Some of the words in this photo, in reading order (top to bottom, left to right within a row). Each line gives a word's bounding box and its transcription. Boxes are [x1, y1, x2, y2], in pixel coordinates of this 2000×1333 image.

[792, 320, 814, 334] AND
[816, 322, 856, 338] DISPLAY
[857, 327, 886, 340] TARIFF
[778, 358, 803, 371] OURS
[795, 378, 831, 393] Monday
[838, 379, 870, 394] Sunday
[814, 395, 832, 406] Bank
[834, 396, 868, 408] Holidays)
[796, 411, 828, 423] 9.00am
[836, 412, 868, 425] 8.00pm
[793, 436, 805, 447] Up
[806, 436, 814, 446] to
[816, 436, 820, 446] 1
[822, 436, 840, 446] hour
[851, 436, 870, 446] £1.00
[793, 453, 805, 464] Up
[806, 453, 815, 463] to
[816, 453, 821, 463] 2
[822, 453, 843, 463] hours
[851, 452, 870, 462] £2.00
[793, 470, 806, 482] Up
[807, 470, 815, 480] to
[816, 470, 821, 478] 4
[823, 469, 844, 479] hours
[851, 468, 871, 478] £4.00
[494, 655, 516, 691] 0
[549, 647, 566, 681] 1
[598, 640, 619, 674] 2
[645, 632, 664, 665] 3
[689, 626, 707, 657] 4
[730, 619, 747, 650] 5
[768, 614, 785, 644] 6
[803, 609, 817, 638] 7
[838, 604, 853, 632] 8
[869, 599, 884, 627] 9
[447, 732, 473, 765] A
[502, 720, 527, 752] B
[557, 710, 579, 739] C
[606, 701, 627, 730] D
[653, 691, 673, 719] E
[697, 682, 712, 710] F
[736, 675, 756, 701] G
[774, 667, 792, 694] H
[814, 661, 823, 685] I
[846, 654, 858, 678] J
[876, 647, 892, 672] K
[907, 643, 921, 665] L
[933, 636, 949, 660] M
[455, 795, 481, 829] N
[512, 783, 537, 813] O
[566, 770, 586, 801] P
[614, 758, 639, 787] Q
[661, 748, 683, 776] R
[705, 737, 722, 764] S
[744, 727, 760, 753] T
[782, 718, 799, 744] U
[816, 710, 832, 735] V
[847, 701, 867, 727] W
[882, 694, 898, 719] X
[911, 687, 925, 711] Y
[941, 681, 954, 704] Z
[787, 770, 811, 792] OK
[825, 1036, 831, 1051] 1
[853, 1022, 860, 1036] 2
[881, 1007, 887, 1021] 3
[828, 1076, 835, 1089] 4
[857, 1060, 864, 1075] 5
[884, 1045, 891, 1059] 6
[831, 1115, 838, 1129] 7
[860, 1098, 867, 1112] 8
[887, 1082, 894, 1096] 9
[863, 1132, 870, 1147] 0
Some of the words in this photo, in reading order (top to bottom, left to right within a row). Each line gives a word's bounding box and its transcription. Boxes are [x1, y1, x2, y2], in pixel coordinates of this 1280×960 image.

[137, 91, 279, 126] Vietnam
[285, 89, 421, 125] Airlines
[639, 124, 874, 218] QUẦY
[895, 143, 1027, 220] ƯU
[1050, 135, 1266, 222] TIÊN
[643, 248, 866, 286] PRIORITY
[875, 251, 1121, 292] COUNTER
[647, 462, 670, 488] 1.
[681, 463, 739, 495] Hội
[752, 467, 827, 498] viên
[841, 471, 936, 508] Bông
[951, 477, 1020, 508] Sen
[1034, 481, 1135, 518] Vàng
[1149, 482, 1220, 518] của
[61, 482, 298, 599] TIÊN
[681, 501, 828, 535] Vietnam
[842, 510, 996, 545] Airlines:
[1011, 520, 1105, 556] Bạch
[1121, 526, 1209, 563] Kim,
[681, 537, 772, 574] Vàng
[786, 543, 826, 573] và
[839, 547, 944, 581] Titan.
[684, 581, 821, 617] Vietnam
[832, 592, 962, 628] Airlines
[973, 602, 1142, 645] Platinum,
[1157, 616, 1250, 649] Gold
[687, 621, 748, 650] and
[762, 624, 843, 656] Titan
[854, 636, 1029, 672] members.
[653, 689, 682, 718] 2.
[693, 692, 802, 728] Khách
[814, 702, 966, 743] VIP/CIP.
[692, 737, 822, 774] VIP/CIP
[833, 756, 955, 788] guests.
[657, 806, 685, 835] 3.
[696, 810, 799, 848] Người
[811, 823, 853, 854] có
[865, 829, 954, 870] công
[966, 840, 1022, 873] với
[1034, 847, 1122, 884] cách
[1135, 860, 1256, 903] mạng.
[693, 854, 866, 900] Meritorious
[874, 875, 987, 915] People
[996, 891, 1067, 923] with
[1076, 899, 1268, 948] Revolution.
_ _ _ _ _
§ TASK OBJECTIVE: What's needed is an exact copy of every entry.

§ WRITTEN REPLY:
Some of the words in this photo, in reading order (top to bottom, left to right within a row). Each line gives a word's bounding box and its transcription. Boxes are [x1, y1, x2, y2], in pixel coordinates of this 2000×1333 image.

[792, 320, 814, 334] AND
[816, 322, 856, 338] DISPLAY
[857, 327, 886, 340] TARIFF
[778, 358, 803, 371] OURS
[795, 378, 831, 393] Monday
[838, 379, 870, 394] Sunday
[814, 395, 832, 406] Bank
[834, 396, 868, 408] Holidays)
[796, 411, 828, 423] 9.00am
[836, 412, 868, 425] 8.00pm
[793, 436, 805, 447] Up
[806, 436, 814, 446] to
[816, 436, 820, 446] 1
[822, 436, 840, 446] hour
[851, 436, 870, 446] £1.00
[793, 453, 805, 464] Up
[806, 453, 815, 463] to
[816, 453, 821, 463] 2
[822, 453, 843, 463] hours
[851, 452, 870, 462] £2.00
[793, 470, 806, 482] Up
[807, 470, 815, 480] to
[816, 470, 821, 478] 4
[823, 469, 844, 479] hours
[851, 468, 871, 478] £4.00
[494, 655, 516, 691] 0
[549, 647, 566, 681] 1
[598, 640, 619, 674] 2
[645, 632, 664, 665] 3
[689, 626, 707, 657] 4
[730, 619, 747, 650] 5
[768, 614, 785, 644] 6
[803, 609, 817, 638] 7
[838, 604, 853, 632] 8
[869, 599, 884, 627] 9
[447, 732, 473, 765] A
[502, 720, 527, 752] B
[557, 710, 579, 739] C
[606, 701, 627, 730] D
[653, 691, 673, 719] E
[697, 682, 712, 710] F
[736, 675, 756, 701] G
[774, 667, 792, 694] H
[814, 661, 823, 685] I
[846, 654, 858, 678] J
[876, 647, 892, 672] K
[907, 643, 921, 665] L
[933, 636, 949, 660] M
[455, 795, 481, 829] N
[512, 783, 537, 813] O
[566, 770, 586, 801] P
[614, 758, 639, 787] Q
[661, 748, 683, 776] R
[705, 737, 722, 764] S
[744, 727, 760, 753] T
[782, 718, 799, 744] U
[816, 710, 832, 735] V
[847, 701, 867, 727] W
[882, 694, 898, 719] X
[911, 687, 925, 711] Y
[941, 681, 954, 704] Z
[787, 770, 811, 792] OK
[825, 1036, 831, 1051] 1
[853, 1022, 860, 1036] 2
[881, 1007, 887, 1021] 3
[828, 1076, 835, 1089] 4
[857, 1060, 864, 1075] 5
[884, 1045, 891, 1059] 6
[831, 1115, 838, 1129] 7
[860, 1098, 867, 1112] 8
[887, 1082, 894, 1096] 9
[863, 1132, 870, 1147] 0
Some of the words in this photo, in reading order (top to bottom, left to right within a row). Each line gives a word's bounding box and its transcription. Boxes are [x1, y1, x2, y2], in pixel coordinates of this 1280×960 image.

[137, 91, 279, 126] Vietnam
[285, 89, 421, 125] Airlines
[639, 124, 874, 218] QUẦY
[895, 143, 1027, 220] ƯU
[1050, 135, 1266, 222] TIÊN
[643, 248, 866, 286] PRIORITY
[875, 251, 1121, 292] COUNTER
[647, 462, 670, 488] 1.
[681, 463, 739, 495] Hội
[752, 467, 827, 498] viên
[841, 471, 936, 508] Bông
[951, 477, 1020, 508] Sen
[1034, 481, 1135, 518] Vàng
[1149, 482, 1220, 518] của
[61, 482, 298, 599] TIÊN
[681, 501, 828, 535] Vietnam
[842, 510, 996, 545] Airlines:
[1011, 520, 1105, 556] Bạch
[1121, 526, 1209, 563] Kim,
[681, 537, 772, 574] Vàng
[786, 543, 826, 573] và
[839, 547, 944, 581] Titan.
[684, 581, 821, 617] Vietnam
[832, 592, 962, 628] Airlines
[973, 602, 1142, 645] Platinum,
[1157, 616, 1250, 649] Gold
[687, 621, 748, 650] and
[762, 624, 843, 656] Titan
[854, 636, 1029, 672] members.
[653, 689, 682, 718] 2.
[693, 692, 802, 728] Khách
[814, 702, 966, 743] VIP/CIP.
[692, 737, 822, 774] VIP/CIP
[833, 756, 955, 788] guests.
[657, 806, 685, 835] 3.
[696, 810, 799, 848] Người
[811, 823, 853, 854] có
[865, 829, 954, 870] công
[966, 840, 1022, 873] với
[1034, 847, 1122, 884] cách
[1135, 860, 1256, 903] mạng.
[693, 854, 866, 900] Meritorious
[874, 875, 987, 915] People
[996, 891, 1067, 923] with
[1076, 899, 1268, 948] Revolution.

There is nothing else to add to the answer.